FYI: Wilton's 3D Skull Cake Pan at Michael's NOT ON SALE for $34-used their 50% off coupon for it 2 weekends ago. Looked like limited quanities on this product though. Have seen it elsewhere for $30+.


----------



## littlelovemuffin1068 (Sep 26, 2009)

I spoke with Wilton and they said this is the only year they making them! Next year will be a 3D haunted house! 

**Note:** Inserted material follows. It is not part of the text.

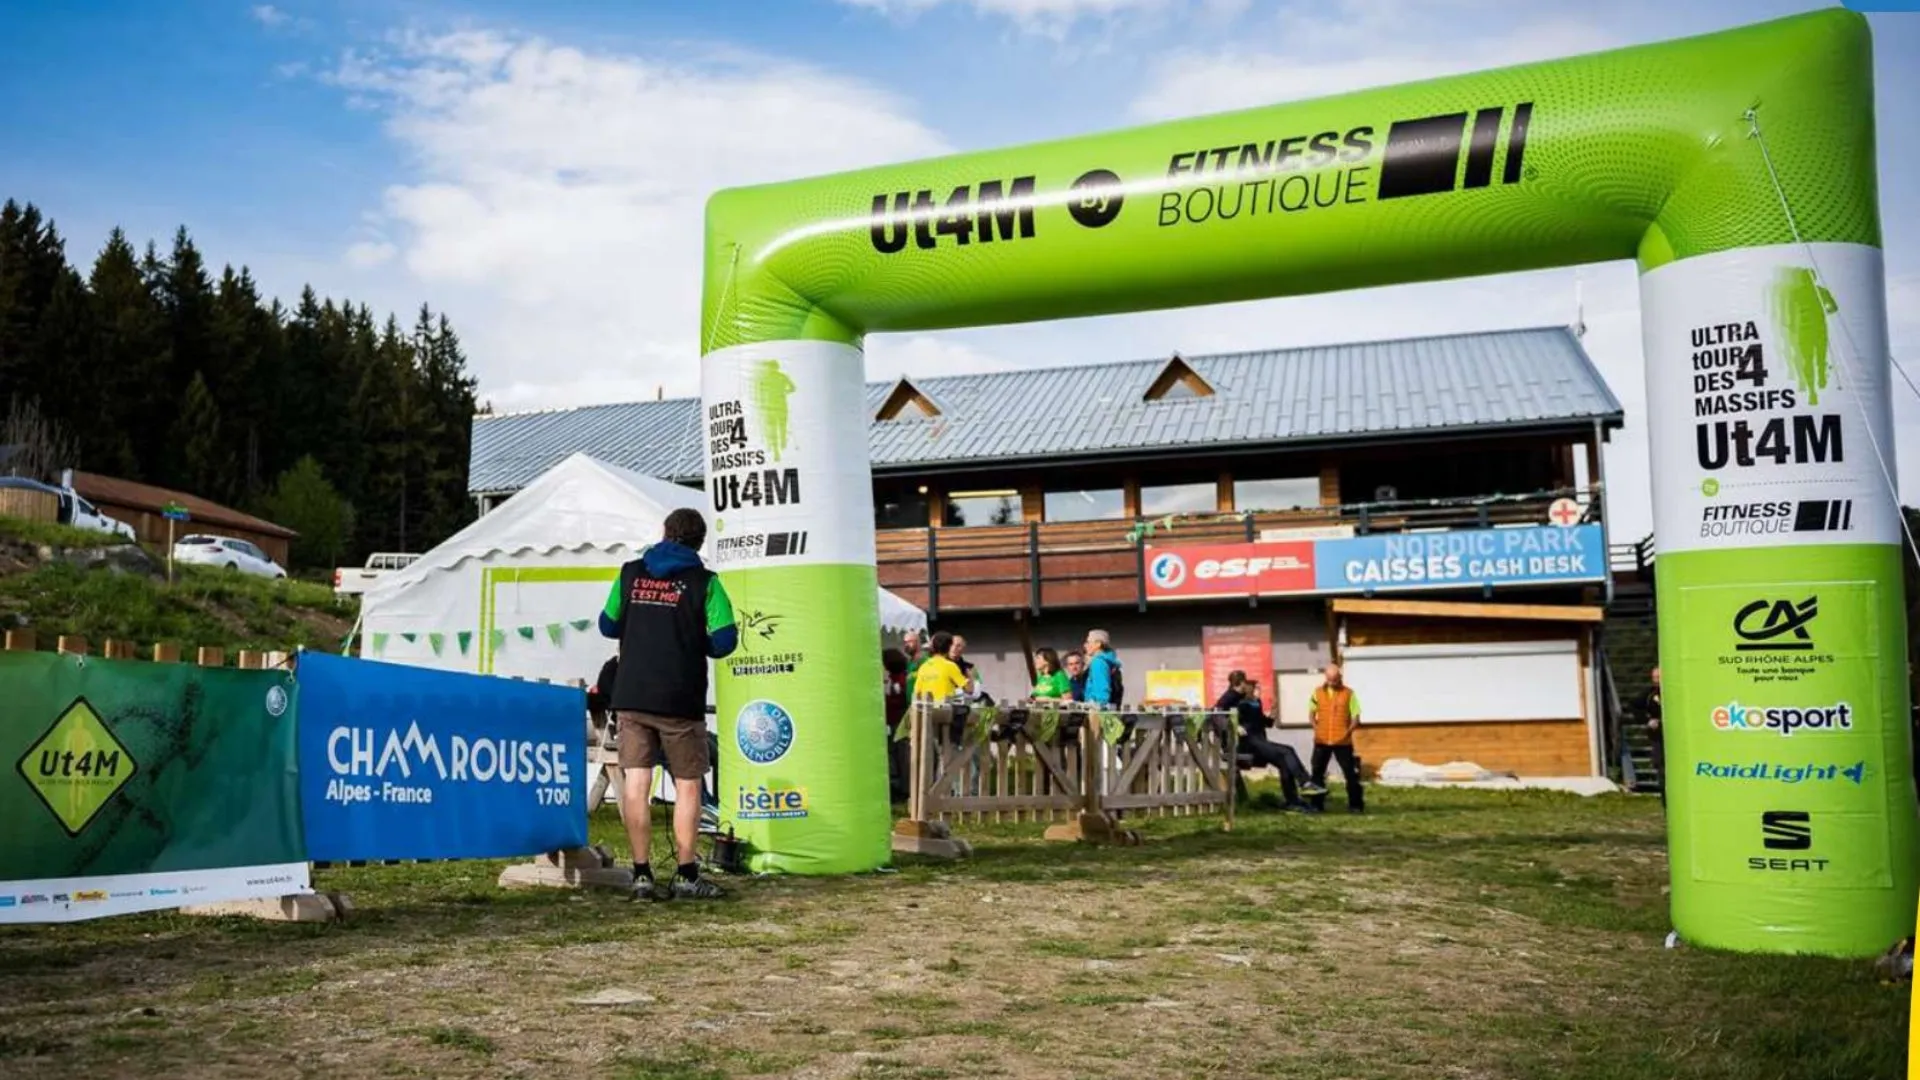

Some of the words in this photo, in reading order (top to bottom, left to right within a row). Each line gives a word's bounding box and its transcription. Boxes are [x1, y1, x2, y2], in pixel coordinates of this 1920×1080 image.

Wilton is sold out and so is every Michael's & Joann's everywhere! Sure wish I knew it was going to be a "limited quantity edition" from Wilton and I would have snagged one early in the season.


----------



## maleficent (May 20, 2007)

I got one from Joann's in August.


----------



## Ghost of Spookie (Sep 28, 2008)

I just bought one at Jo-Ann's today after reading this post. I didn't need it this year but didn't want to be searching eBay for it next year. I wanted to let you guys know that they still have inventory in some stores despite an earlier comment. The first Jo-Anns I called was sold out but the second one I called had 3 of them. This week Wilton is on sale for 30% off so not bad, I think it came to 24.99. No coupon needed BTW.


----------



## v_gan (Aug 19, 2009)

Wow, I'm glad I got one last month! I found the only one at a Michael's near me and I also used a 50% off coupon. I haven't used it yet, but I'm glad I have it.


----------



## cinders (Oct 12, 2003)

Now that I know they're limited to this year, I'm sure glad I got one when they first put them out at Michaels. I think they only had 4 total in the store. I also used the 50% coupon so the price wasn't too bad. I may not be using it this year, and I almost thought about returning it! Sure glad I didn't. Wonder if I can do a skull cake for Thanksgiving. LOL!


----------